The mosasaur wasn’t actually a dinosaur — it was more of a sea monster — and it lived in Bearspaw Sea.
“It’s still pretty much encased in rock, but based on what we’ve seen from other similar type of animals this is a large marine reptile,” Spivak said. “It kind of looks a little bit like a swimming Komodo dragon, maybe with a bit pointier nose.”
Spivak said the Royal Tyrrell people handling it guessed that it was between 6½ and seven metres long.
“The skull itself is about a metre long with sharp pointy teeth and a real mean look on its face,” he said.
There is no living comparable species on the planet, Spivak added.
“This is a completely extinct group of animals that doesn’t have any living analogs, I guess you could say,” Spivak said.
While there are no living creatures comparable to the mosasaur, there’s a cinematic one: the mosasaur did make an appearance in Jurassic World in 2015.
“That was a really really big one,” Spivak said. “Those movies tend to put their animals on steroids. So yes it was mosasaur, but it was significantly bigger than a mosasaur would have been in real life.”

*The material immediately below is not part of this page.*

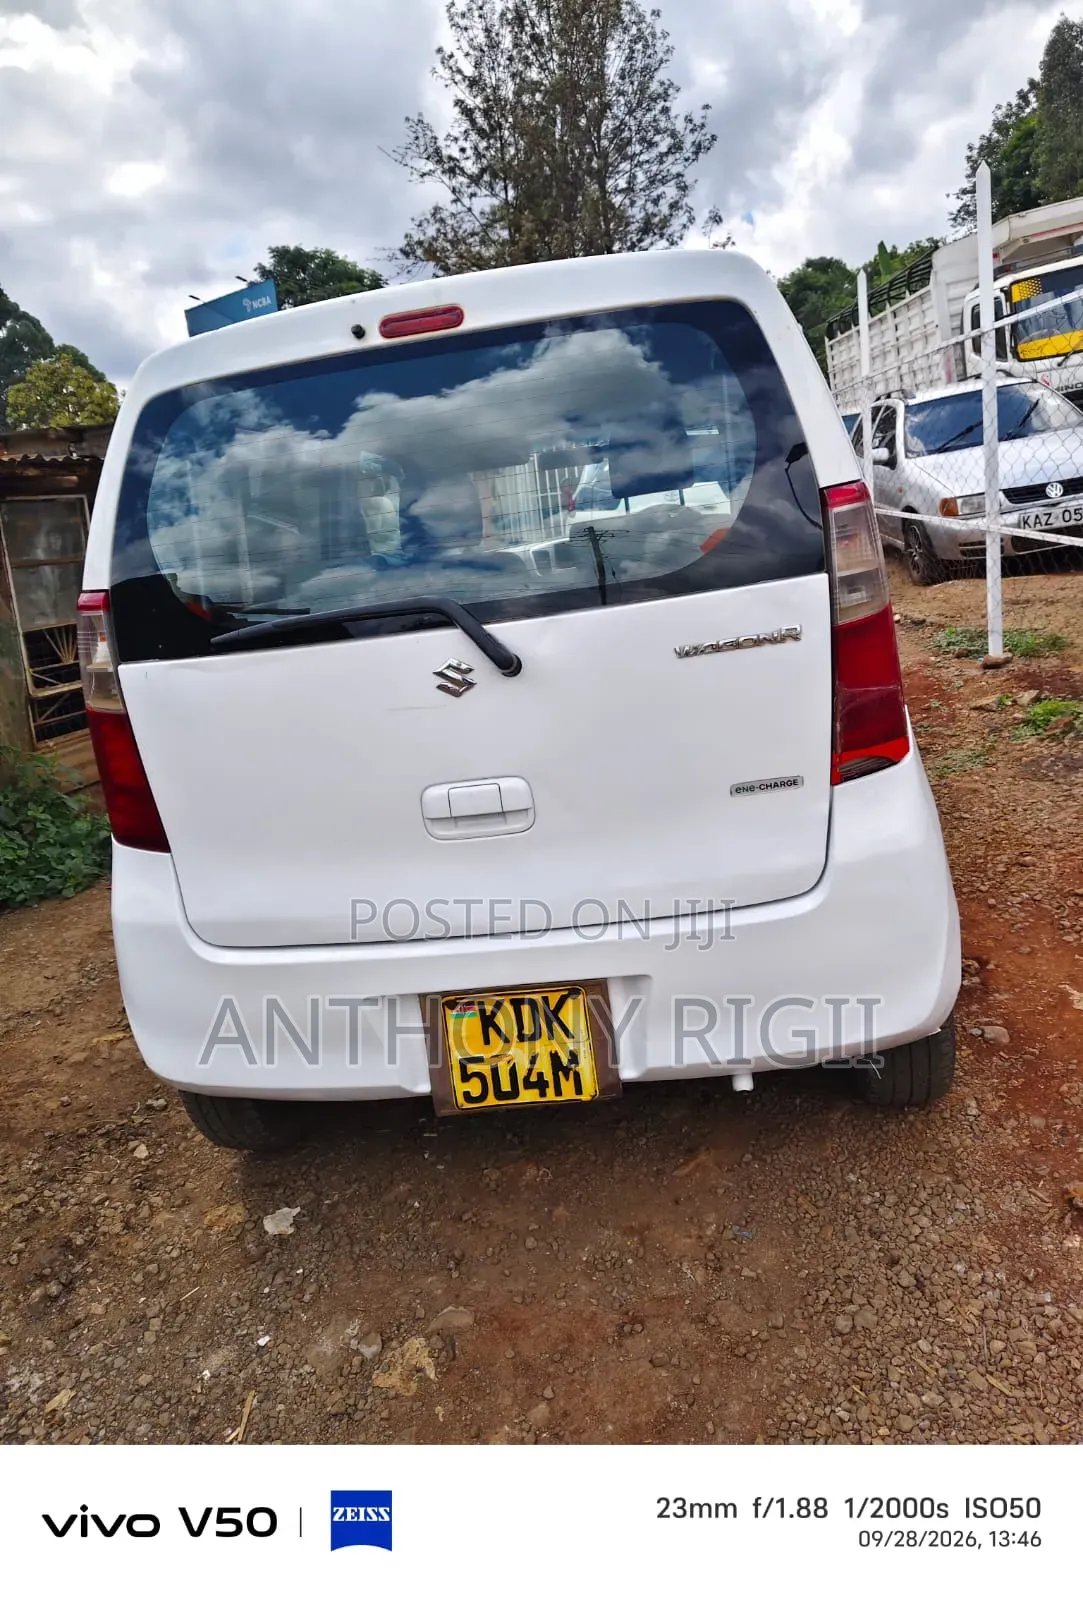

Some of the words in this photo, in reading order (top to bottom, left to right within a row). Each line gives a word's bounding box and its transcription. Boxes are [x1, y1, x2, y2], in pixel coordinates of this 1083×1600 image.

[1022, 512, 1053, 529] KAZ
[477, 991, 576, 1046] KDK
[459, 1050, 583, 1103] 504M

While Jurassic World might have blown the mosasaur up to the Hollywood sized proportions, there is little doubt that they were nasty pieces of work — a Discovery channel documentary about the mosasaur describes them as the “T-Rex of the Deep.”
“They were apex predators,” Spivak said.
“These things would be swimming around in what would have been a shallow sea that covered a large part of Alberta 70, 72 million years ago, feeding on turtles and ammonoid and fish — and pretty much anything else that they could have got their teeth into.”
Miners spotted fossil and immediately stopped work
The discovery came as miners used track hoes and heavy equipment to excavate for ammolite, the shell of an ancient cephalopod or squid-like animal that, when fossilized, changes structure, creating a rainbow look to it.
Those rainbow shells are being incorporated into jewlery and other things.
The discovery came about recently, when the miners were using track hoes to go through the mine’s rocks, inch by inch, when one of the miners spotted the mosasaur fossil embedded into a rock.
“These guys are experts on spotting things in this rock and immediately stopped what they were doing,” Spivak said.
That’s when Spivak got the call at the museum.
“That’s one of the wonderful things about my job is I get these phone calls when people find stuff like this,” he said.
“They shut down what they were doing in that area, [and] moved to another part of the mine,” Spivak added.
“That was a Wednesday night I got the phone call,” he added.
“Friday, we had a team down on site to assess what was there and then the following Monday we had a full team of I believe four people going down with all the appropriate equipment to excavate this thing in the sand for about four days, five days.
“They had it excavated in a field jacket,” he said. “And by Friday it was on the back of a truck and at the back door of the museum, waiting to be unloaded.”